▶ [TASK ITEM]: The full listing, returned exactly and free of pictures, is the expected answer.

▶ [ENTRIES PROVIDED]:
⟨

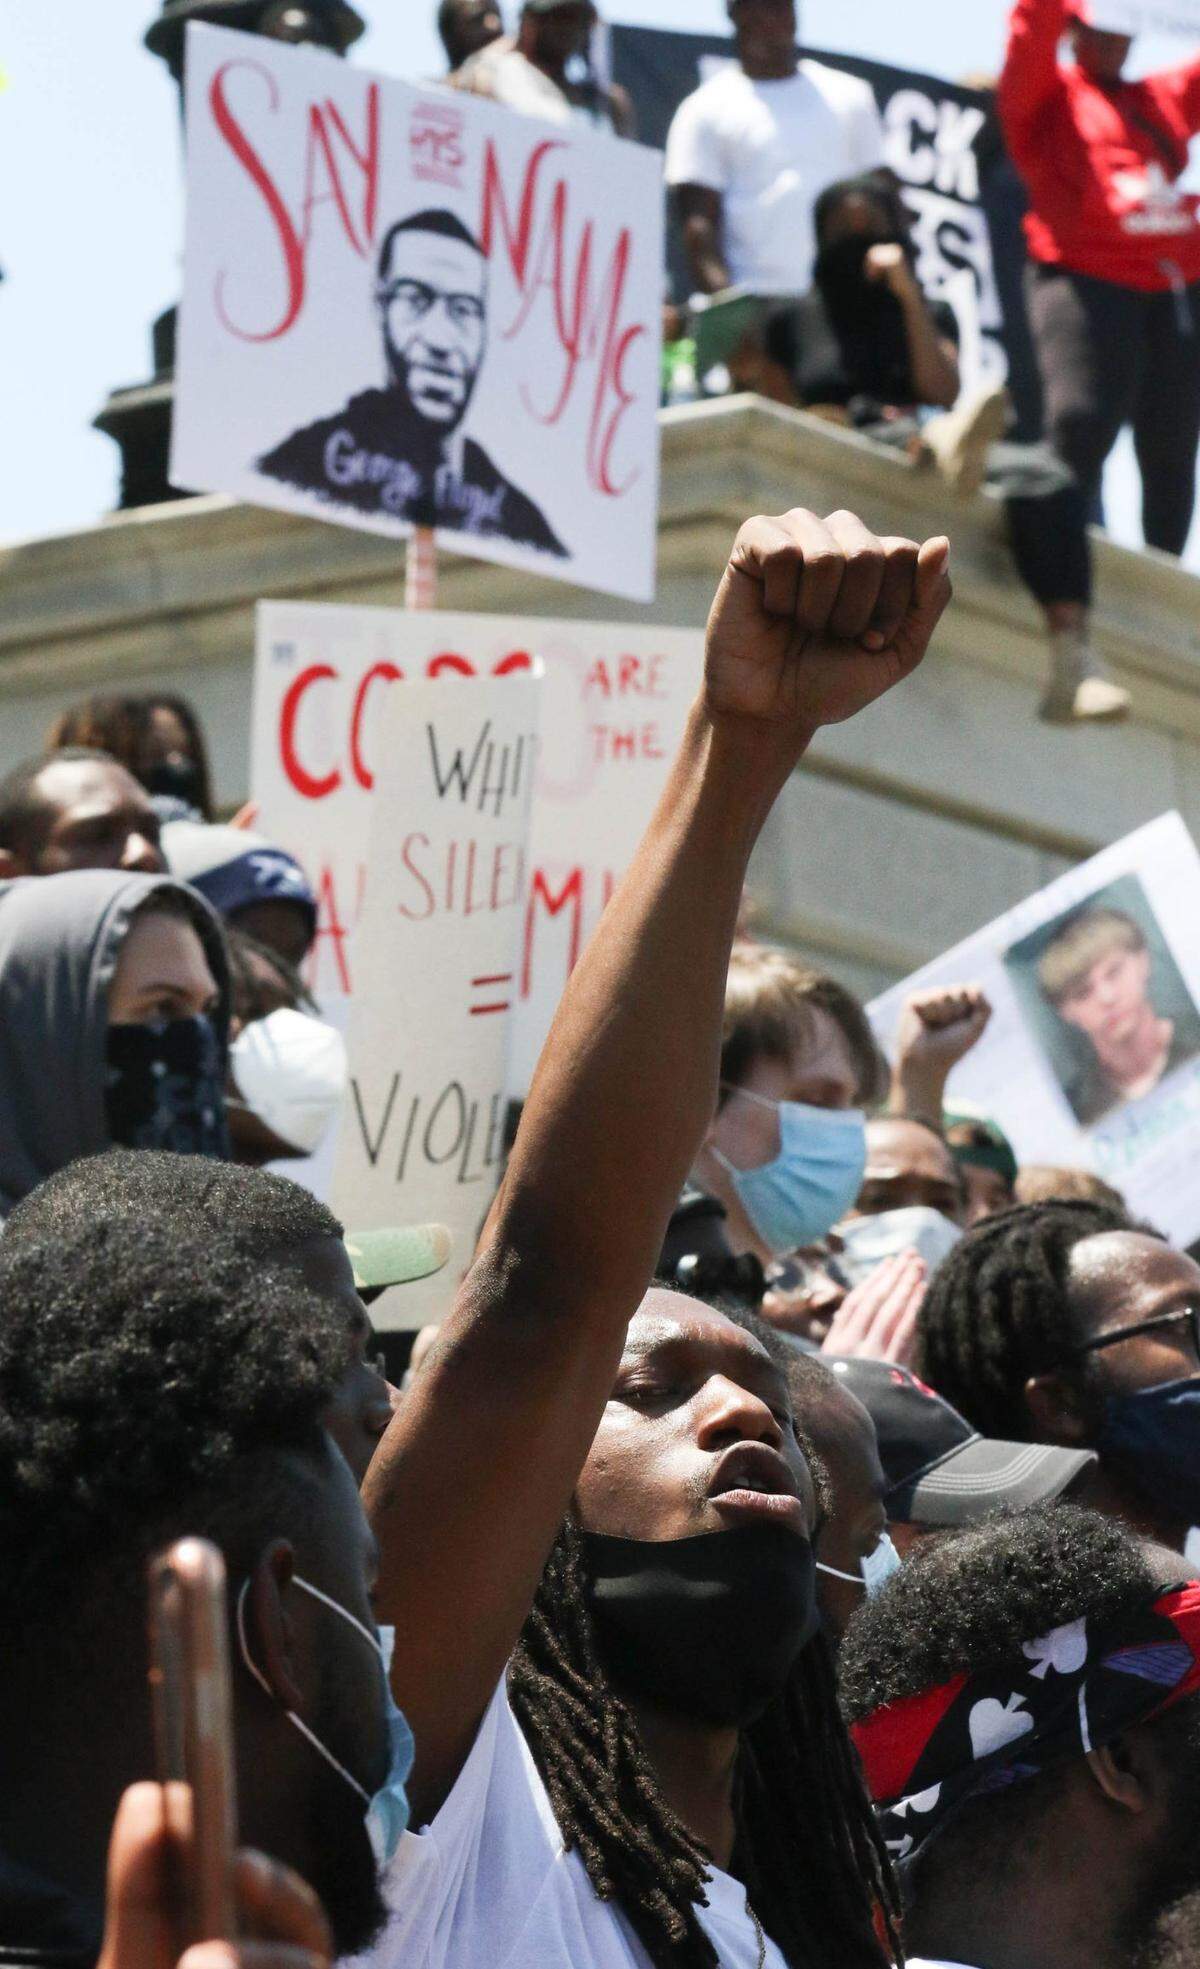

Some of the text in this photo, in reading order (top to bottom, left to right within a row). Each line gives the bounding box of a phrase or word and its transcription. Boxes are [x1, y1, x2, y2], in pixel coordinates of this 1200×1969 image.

[884, 88, 987, 201] CK
[208, 57, 379, 343] SAY
[480, 137, 645, 496] NAME
[580, 653, 670, 700] ARE
[426, 717, 538, 817] WHI
[591, 721, 666, 765] THE
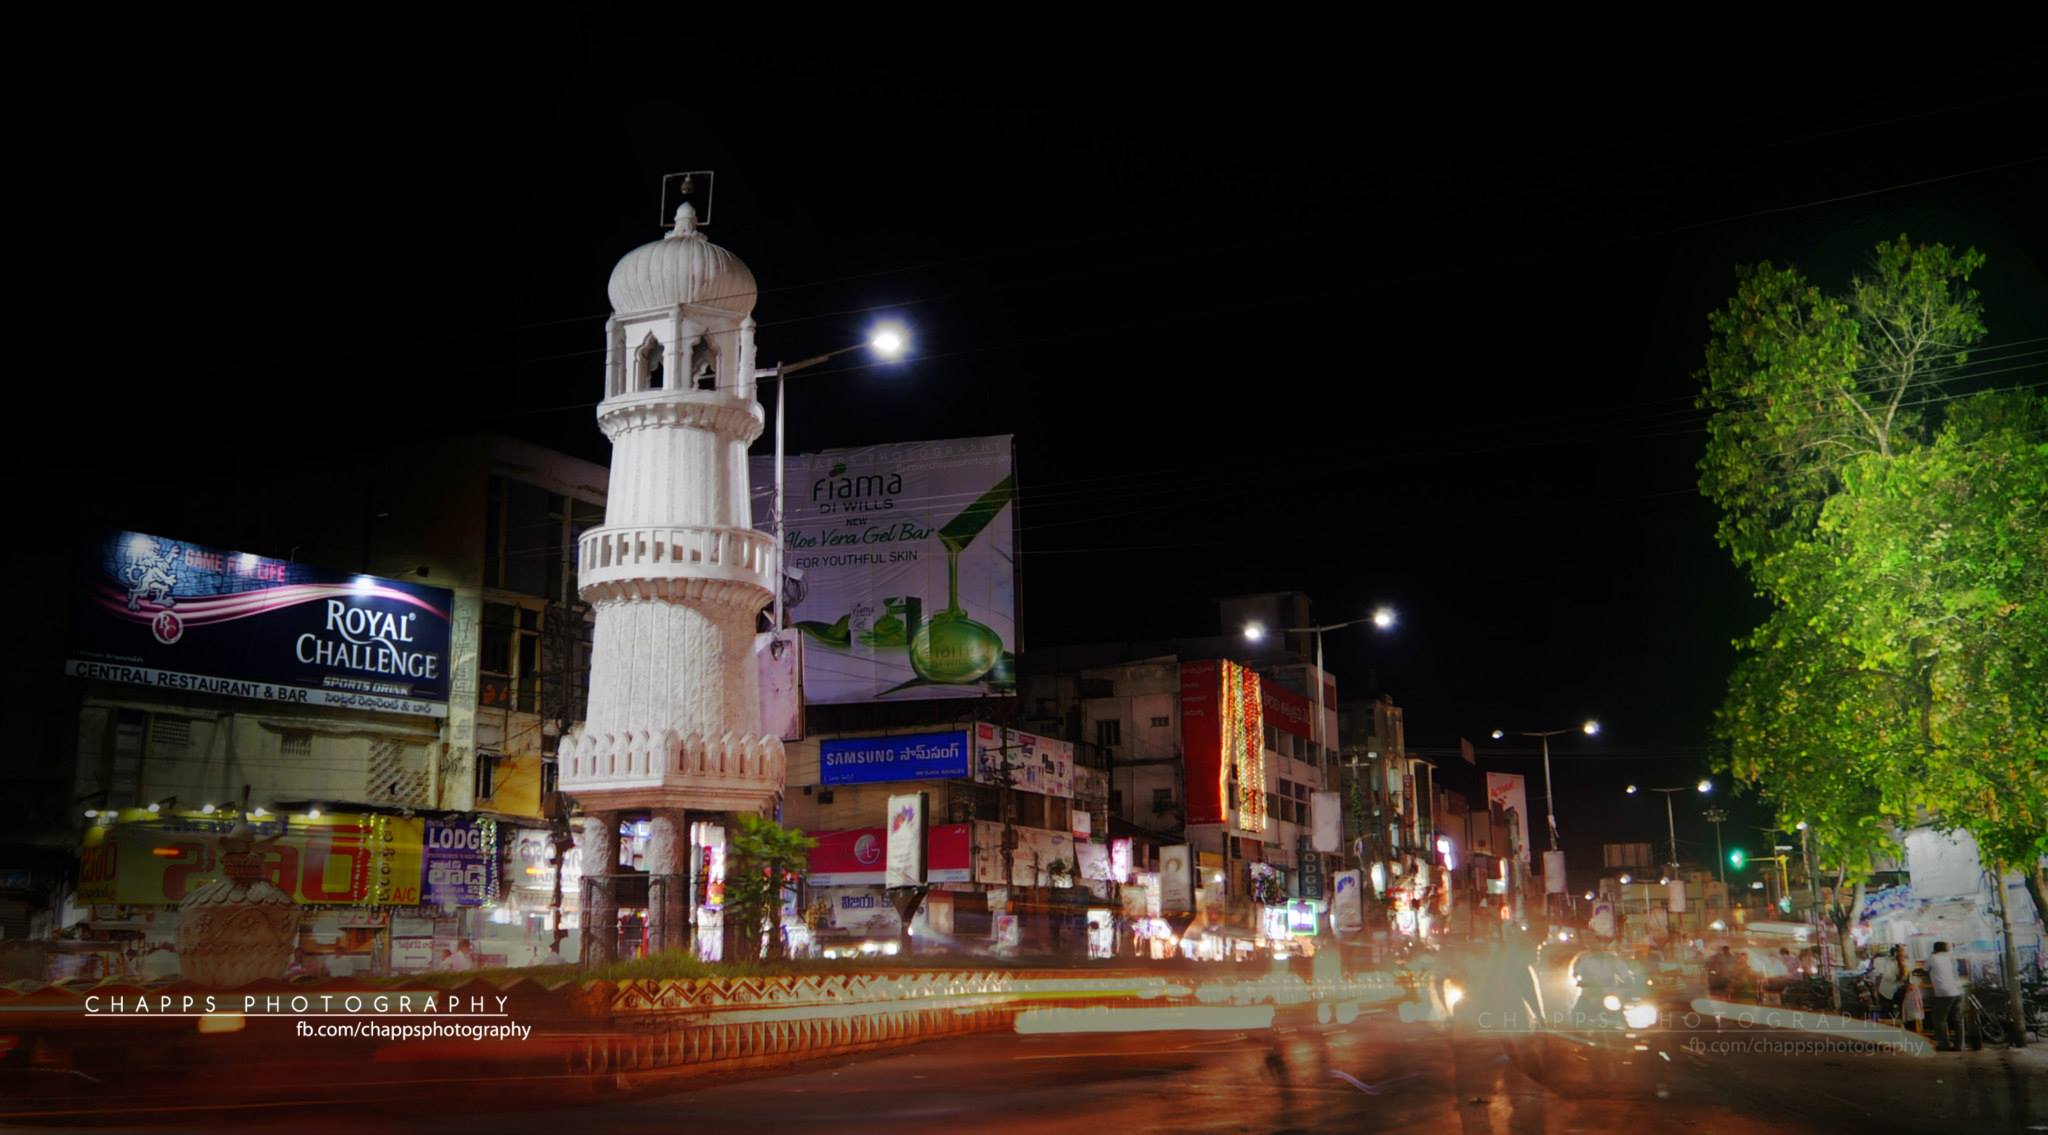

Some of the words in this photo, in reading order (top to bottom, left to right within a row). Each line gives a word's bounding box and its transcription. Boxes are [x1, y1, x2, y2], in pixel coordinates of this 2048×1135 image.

⟩

▶ [OUTPUT BELOW]:
Some of the text in this photo, in reading order (top to bottom, left to right within a row). Each line gives the bounding box of a phrase or word and its transcription. Boxes are [x1, y1, x2, y2], in pixel coordinates of this 1200×1969 image.

[884, 88, 987, 201] CK
[208, 57, 379, 343] SAY
[480, 137, 645, 496] NAME
[580, 653, 670, 700] ARE
[426, 717, 538, 817] WHI
[591, 721, 666, 765] THE

Some of the words in this photo, in reading order (top to bottom, left to right within a row). Each line gives a word's bounding box and its transcription. Boxes are [x1, y1, x2, y2], in pixel coordinates of this 2048×1135 image.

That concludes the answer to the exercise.